== Work to complete ==
Give the data again exactly, without its images.

Records from a data collection
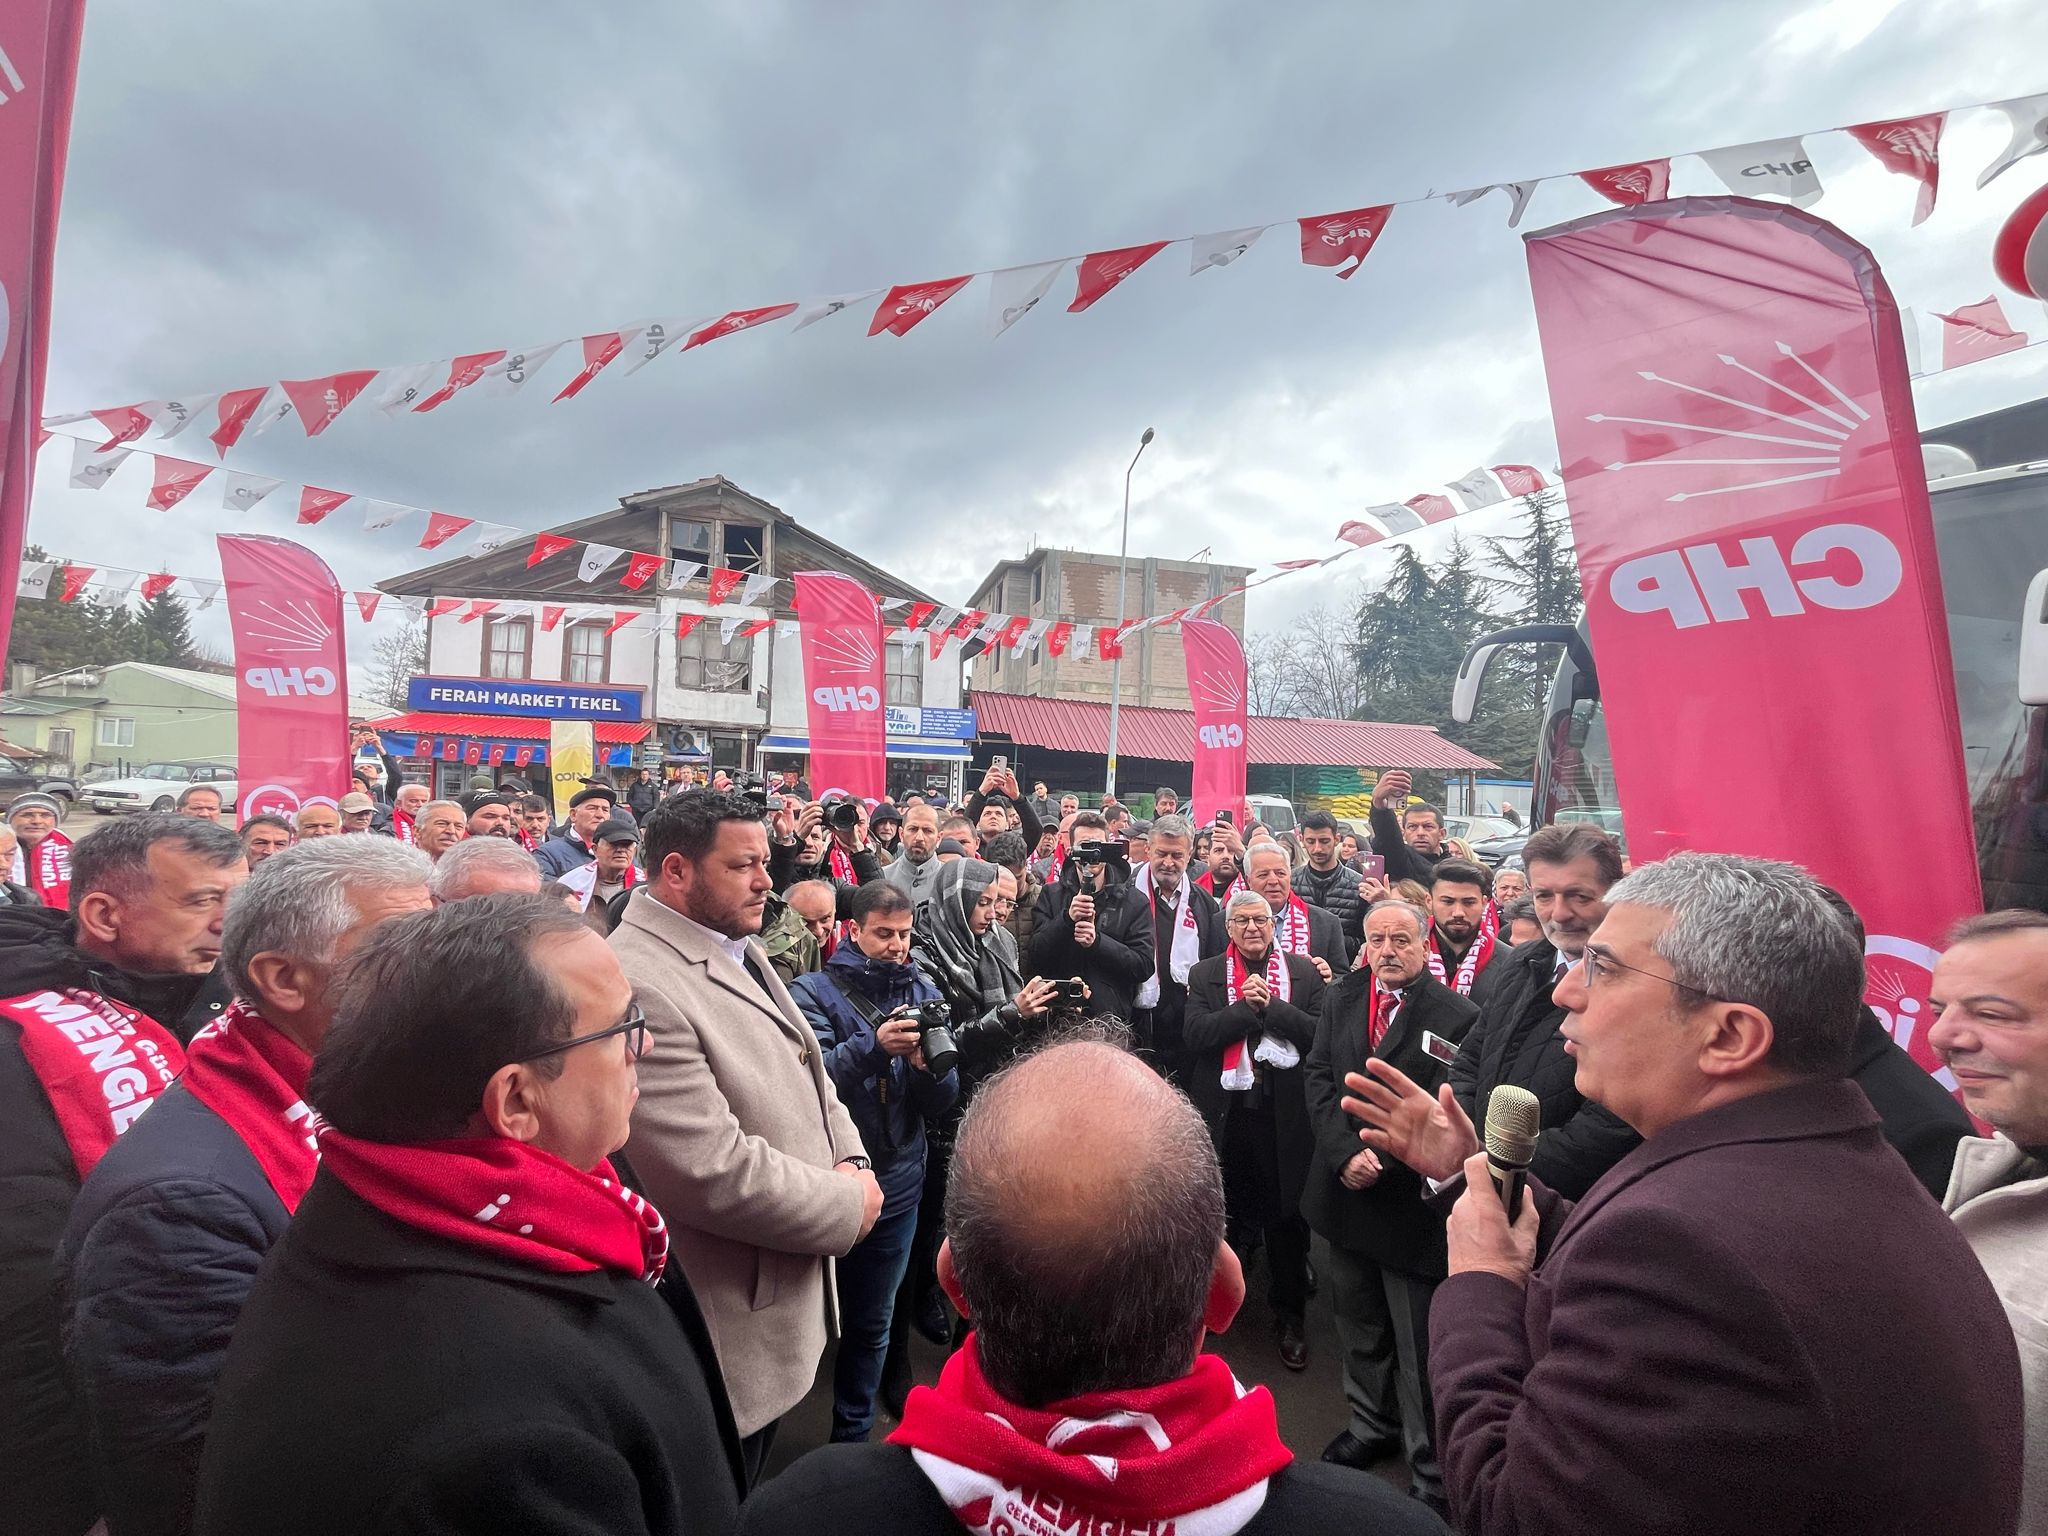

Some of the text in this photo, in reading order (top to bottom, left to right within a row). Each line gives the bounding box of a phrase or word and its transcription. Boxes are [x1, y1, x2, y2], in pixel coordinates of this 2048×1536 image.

[1740, 159, 1814, 178] CHP
[1321, 227, 1372, 247] CHP
[430, 687, 622, 712] FERAH MARKET TEKEL
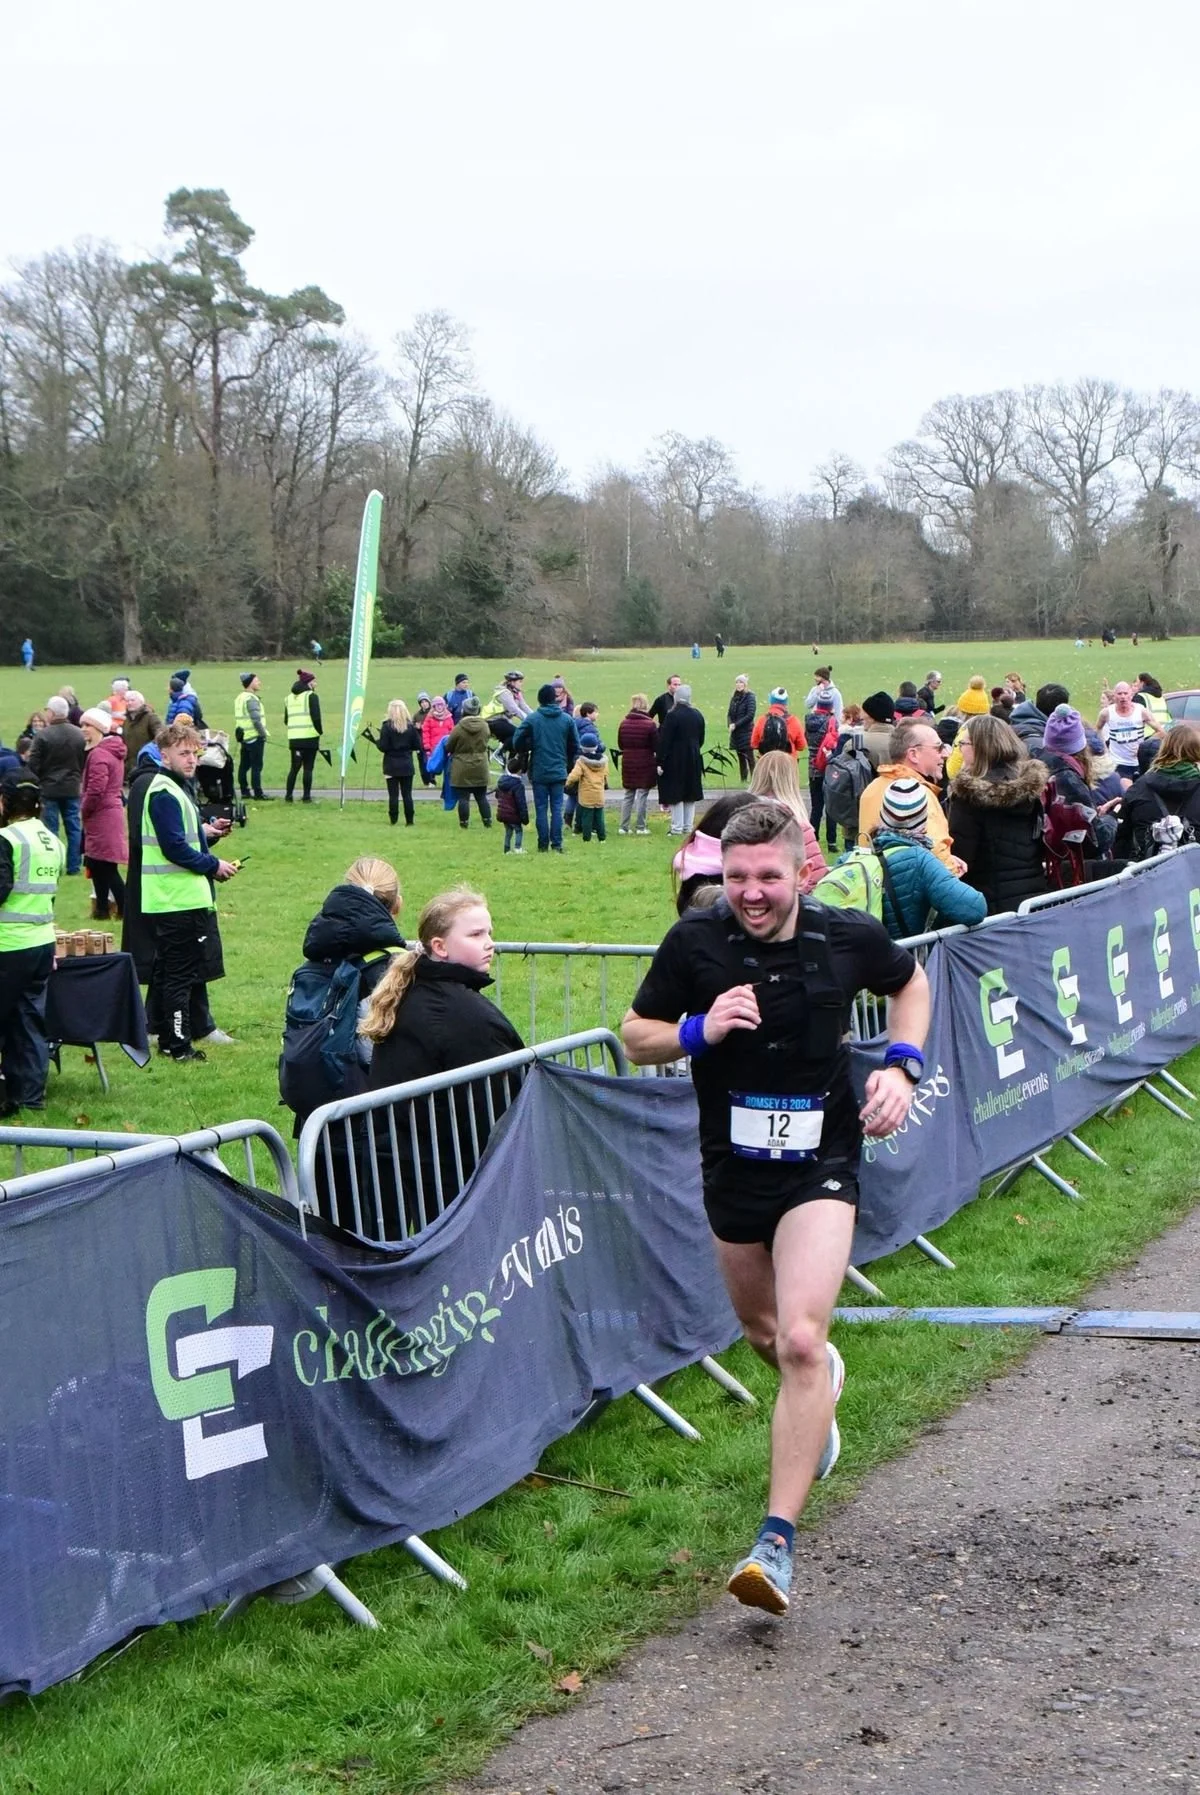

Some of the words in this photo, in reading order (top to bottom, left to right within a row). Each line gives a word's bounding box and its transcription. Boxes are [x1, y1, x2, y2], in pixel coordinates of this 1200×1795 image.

[356, 621, 366, 687] HAMPSHIRE
[744, 1096, 780, 1109] ROMSEY
[781, 1098, 788, 1109] 5
[789, 1098, 812, 1110] 2024
[767, 1113, 791, 1138] 12
[767, 1139, 786, 1147] ADAM

== Output of the task ==
Some of the text in this photo, in reading order (top to bottom, left to right within a row). Each line gives the bounding box of a phrase or word and its transcription. Boxes are [x1, y1, x2, y2], in pixel coordinates of this 2048×1536 image.

[1740, 159, 1814, 178] CHP
[1321, 227, 1372, 247] CHP
[430, 687, 622, 712] FERAH MARKET TEKEL

Some of the words in this photo, in reading order (top to bottom, left to right within a row). Each line gives a word's bounding box and its transcription. Boxes are [x1, y1, x2, y2], in pixel coordinates of this 1200×1795 image.

[356, 621, 366, 687] HAMPSHIRE
[744, 1096, 780, 1109] ROMSEY
[781, 1098, 788, 1109] 5
[789, 1098, 812, 1110] 2024
[767, 1113, 791, 1138] 12
[767, 1139, 786, 1147] ADAM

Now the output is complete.